C ++枚举到字符串切换不起作用

Question

我正在使用一些枚举类型实例化一个对象，并尝试根据这些枚举类型设置一些字符串成员。但是，当我调试并逐步执行时，用于设置字符串的开关每次都会命中，并且每个字符串都设置为每个枚举类型的最后一种情况。

enum Number {
one,
two,
three
};

enum Color {
    purple,
    red,
    green
};

enum Shading {
    solid,
    striped,
    outlined
};

enum Shape {
    oval,
    squiggle,
    diamond
};

Card::Card(Number num, Color colour, Shading shade, Shape shaper) {
number_ = num;
color_ = colour;
shading_ = shade;
shape_ = shaper;
setStrings();
}

void Card::setStrings() {
switch (number_) {
case one:
    number_string = "one";
case two:
    number_string = "two";
case three:
    number_string = "three";
}
switch(color_) {
case purple:
    color_string = "purple";
case red:
    color_string = "red";
case green:
    color_string = "green";
}
switch (shading_) {
case solid:
    shading_string = "solid";
case striped:
    shading_string = "striped";
case outlined:
    shading_string = "outlined";
}
switch (shape_) {
case oval:
    shape_string = "oval";
case squiggle:
    shape_string = "squiggle";
case diamond:
    shape_string = "diamond";
}

}

我使用重载构造函数实例化的每张卡都有number_string =＆＃34;三个＆＃34;，color_string =＆＃34;绿色＆＃34;，shading_string =＆＃34;概述＆＃34;和shape_string =＆＃ 34;金刚石＆＃34 ;.

Answer 1

你需要对switch语句使用break＆＃39;案例条款，否则它是一个堕落。
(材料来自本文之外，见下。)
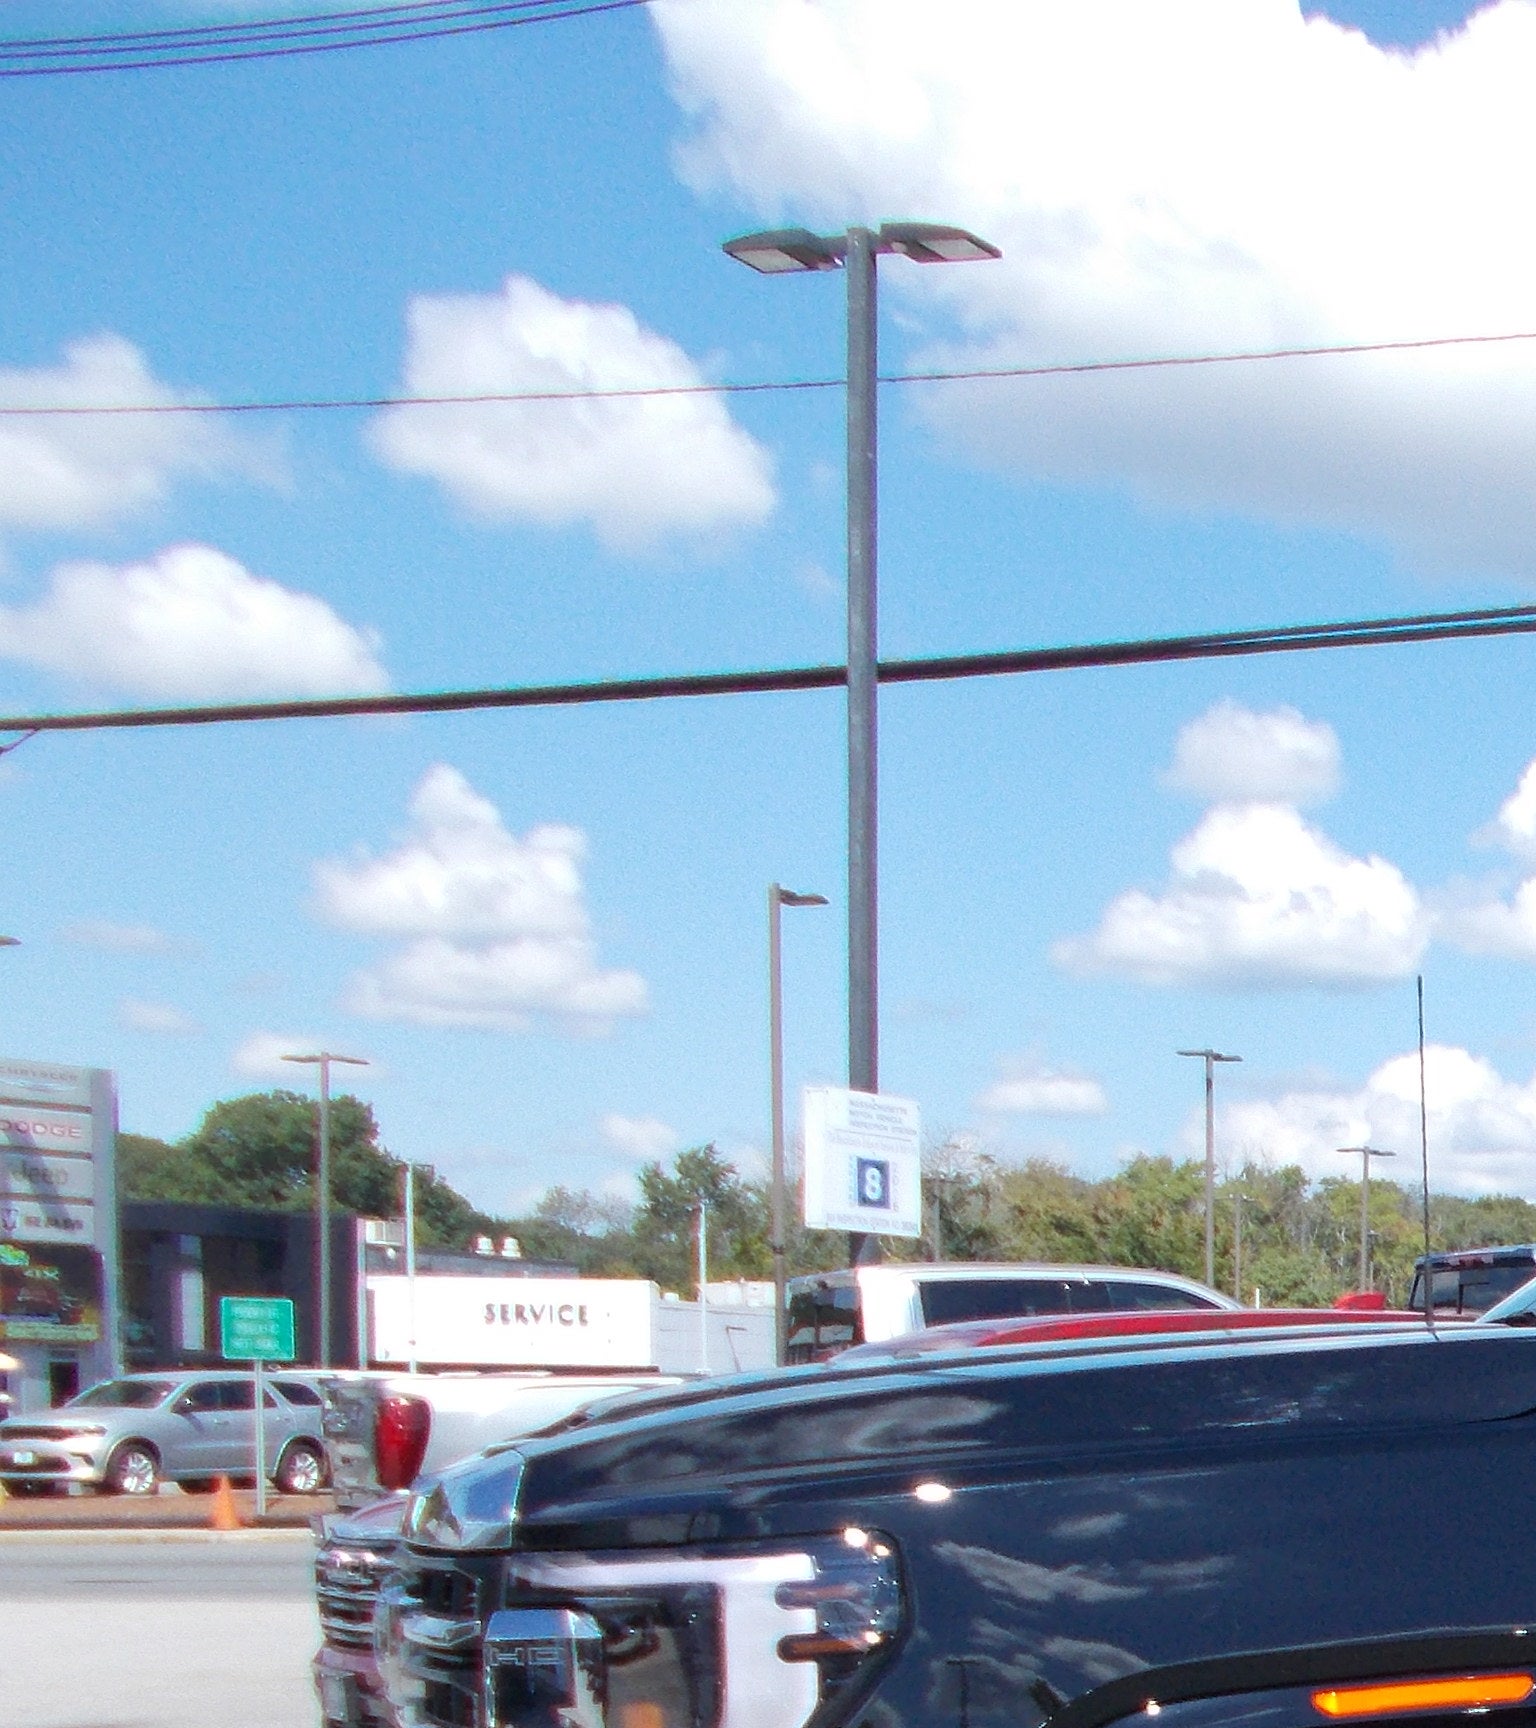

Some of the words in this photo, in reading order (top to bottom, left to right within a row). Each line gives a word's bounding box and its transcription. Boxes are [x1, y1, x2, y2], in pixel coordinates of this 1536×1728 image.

以下是您的示例和详细信息。 https://10hash.com/c/cf/#idm45440468325552

#include <stdio.h>

int main()
{
  int i  = 65;

  switch(i)
  {
    case 'A':
      printf("Value of i is 'A'.\n");
      break;
    case 'B':
      printf("Value of i is 'B'.\n");
      break;
    default:
      break;
  }

  return 0;
}

Answer 2

您的开关箱不正确。您需要在每个案例之后为您的解决方案设置一个break，否则它会在每个案例中完成，直到它完成，并且当它遇到您想要的案例时不会中断。